▶ [PROMPT] In the data below, locate the line containing "this 1920×1080 image." and the line containing "this 1568×2352 image.", then retype both and everything between them exactly. Pictures are not part of the copy.

▶ [RECORDS FOR THE EXERCISE]
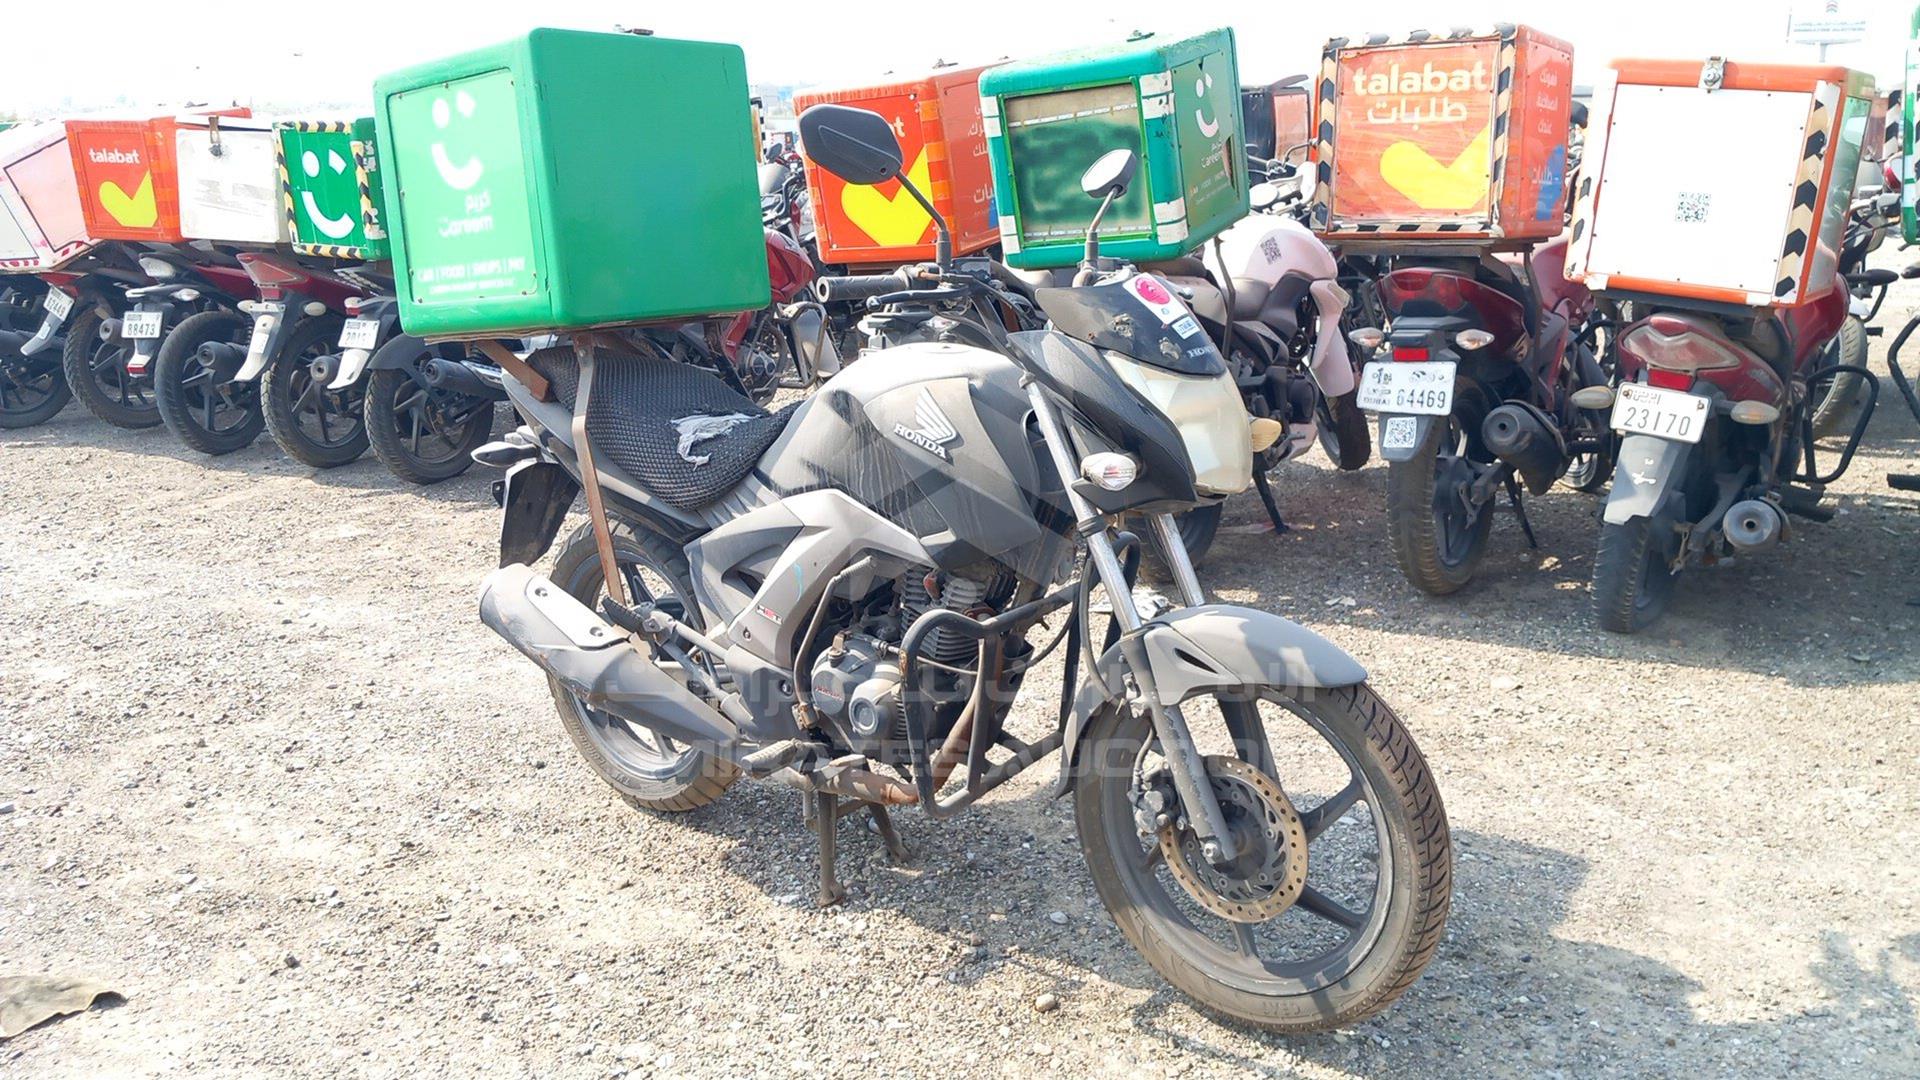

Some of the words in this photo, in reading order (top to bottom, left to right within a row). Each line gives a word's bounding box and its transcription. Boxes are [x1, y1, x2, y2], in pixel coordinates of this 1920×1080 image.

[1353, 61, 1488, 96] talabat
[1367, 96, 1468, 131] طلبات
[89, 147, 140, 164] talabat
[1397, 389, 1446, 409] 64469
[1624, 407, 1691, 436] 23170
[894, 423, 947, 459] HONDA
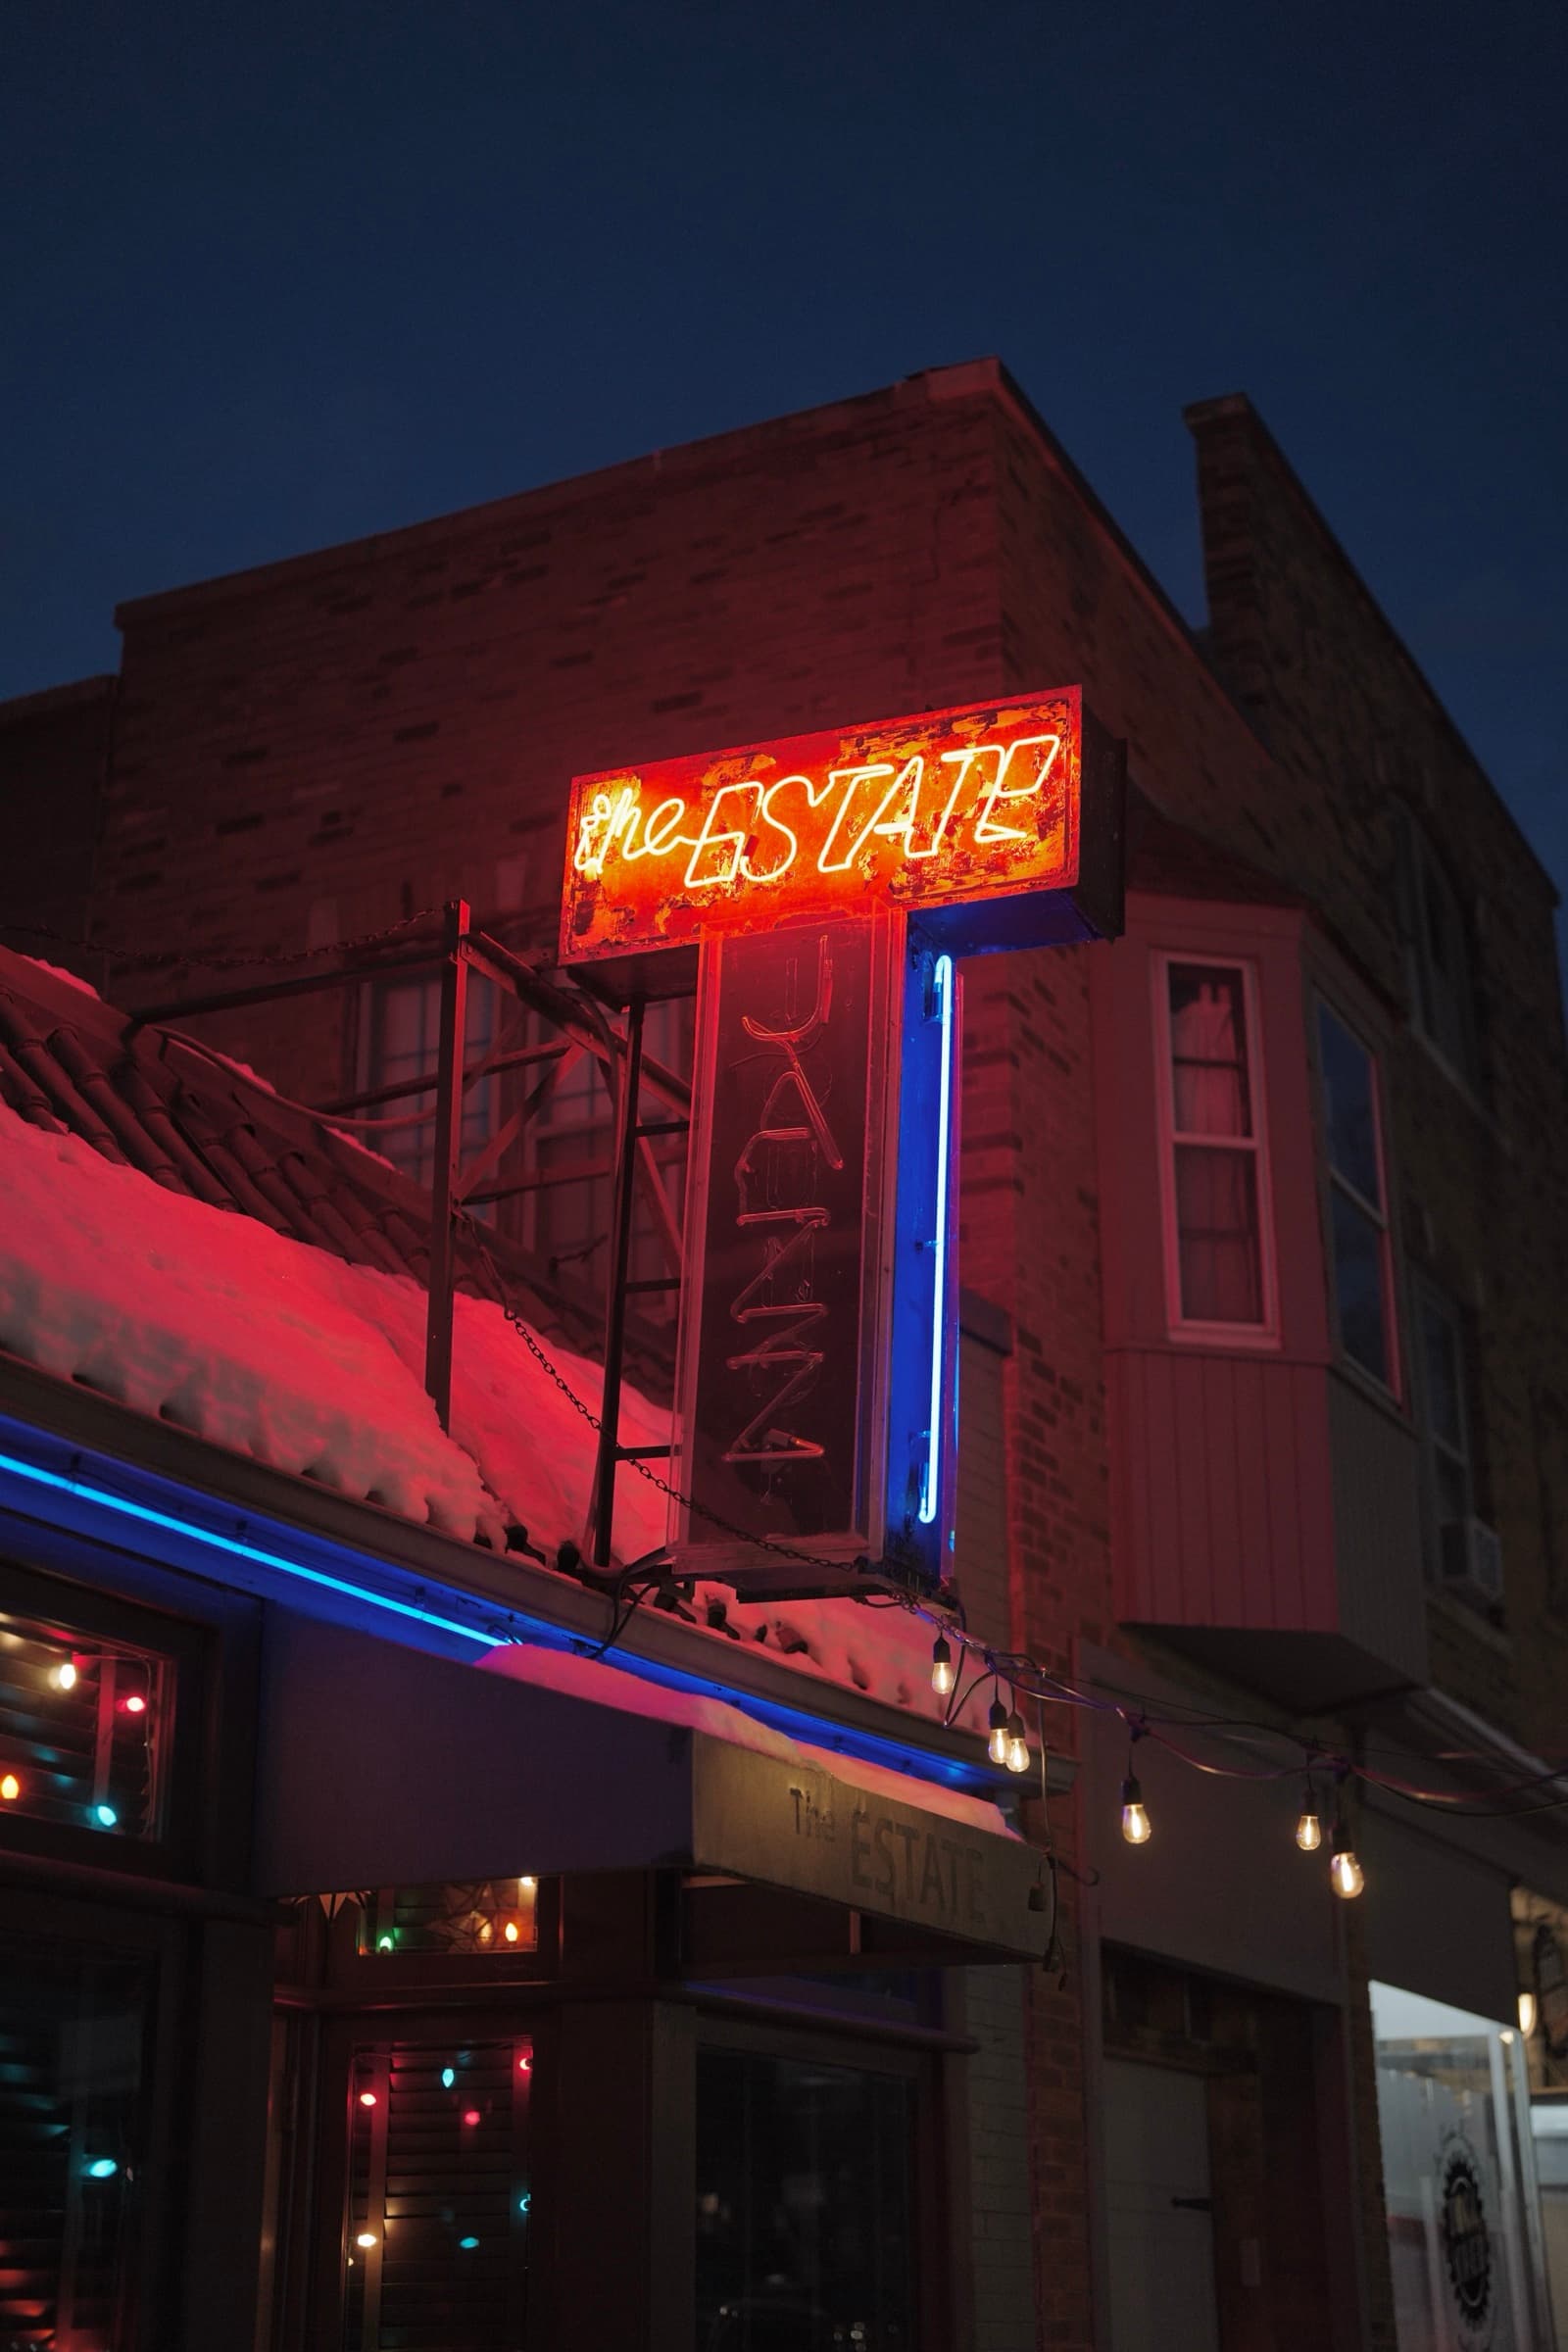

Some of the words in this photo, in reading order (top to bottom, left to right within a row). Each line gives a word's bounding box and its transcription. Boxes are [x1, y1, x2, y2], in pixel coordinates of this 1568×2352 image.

* * *

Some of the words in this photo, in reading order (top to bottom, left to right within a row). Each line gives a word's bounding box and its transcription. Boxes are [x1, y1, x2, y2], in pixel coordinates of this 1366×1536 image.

---

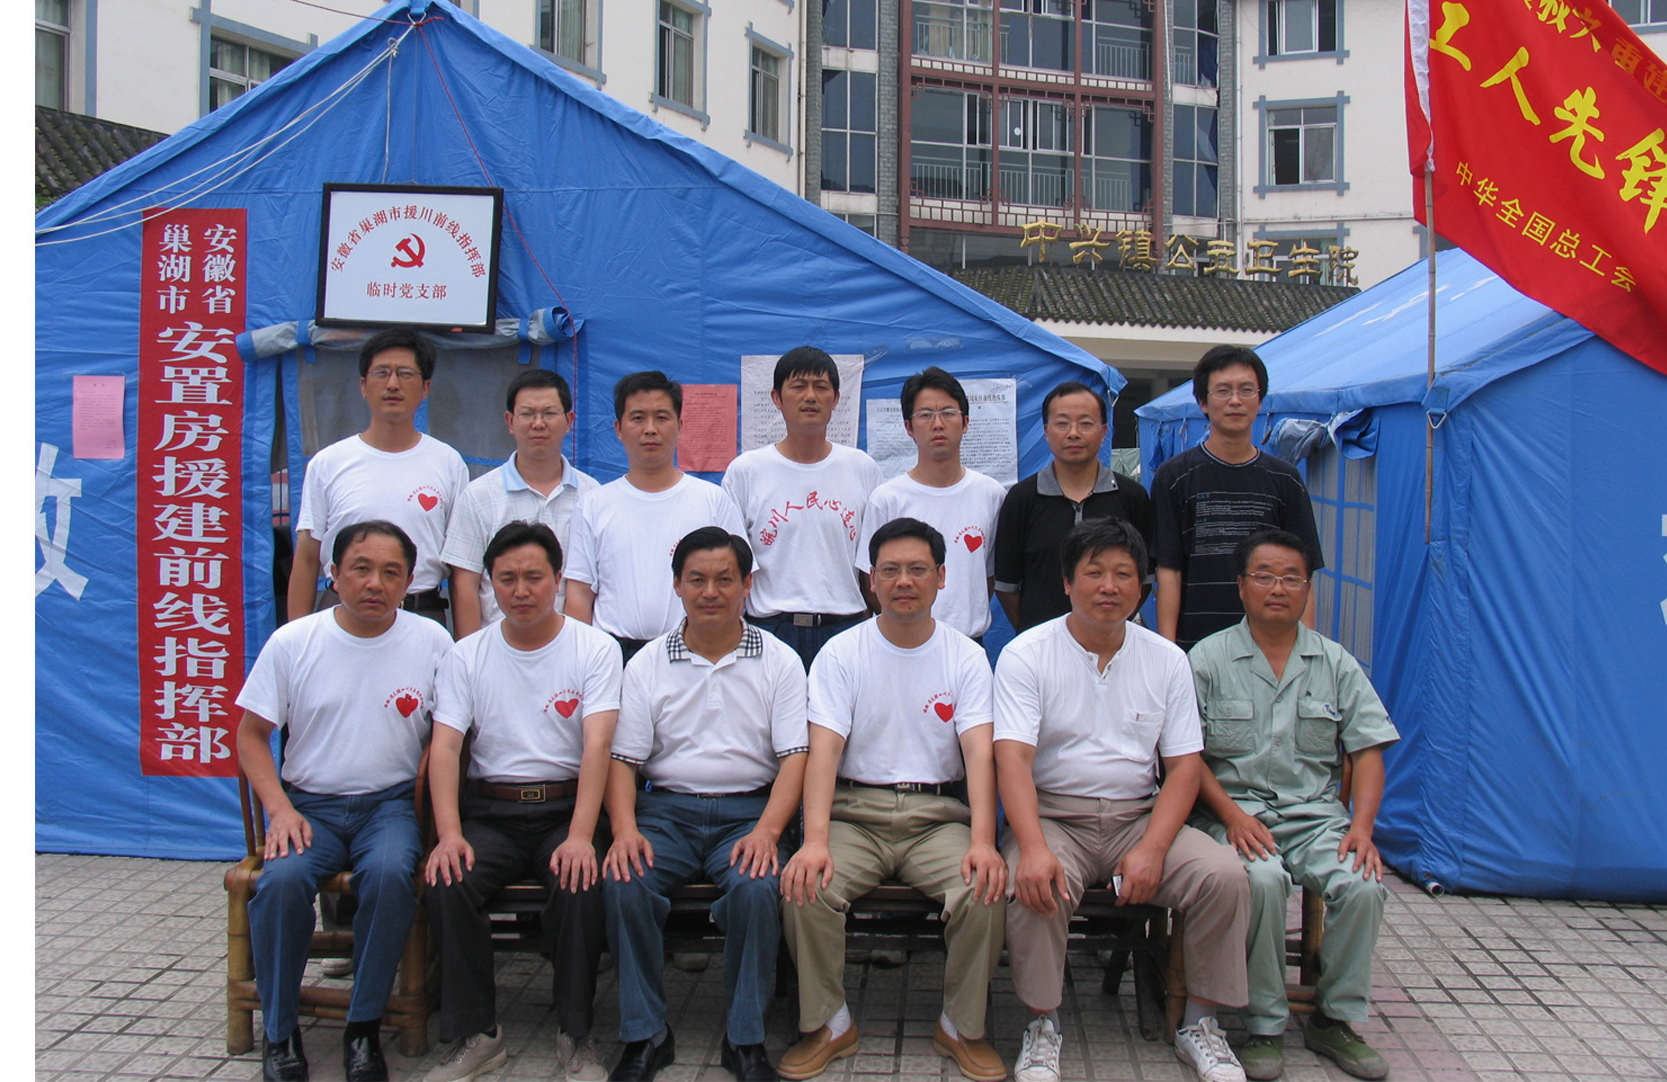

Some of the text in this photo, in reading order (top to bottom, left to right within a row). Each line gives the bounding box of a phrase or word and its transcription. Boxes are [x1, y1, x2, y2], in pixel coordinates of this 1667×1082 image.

▶ [ANSWER FOR THIS EXERCISE]
Some of the words in this photo, in reading order (top to bottom, left to right within a row). Each line gives a word's bounding box and its transcription. Boxes are [x1, y1, x2, y2], in pixel coordinates of this 1920×1080 image.

[1353, 61, 1488, 96] talabat
[1367, 96, 1468, 131] طلبات
[89, 147, 140, 164] talabat
[1397, 389, 1446, 409] 64469
[1624, 407, 1691, 436] 23170
[894, 423, 947, 459] HONDA

Some of the words in this photo, in reading order (top to bottom, left to right within a row). Each line gives a word's bounding box and its transcription. Boxes are [x1, y1, x2, y2], in pixel coordinates of this 1568×2352 image.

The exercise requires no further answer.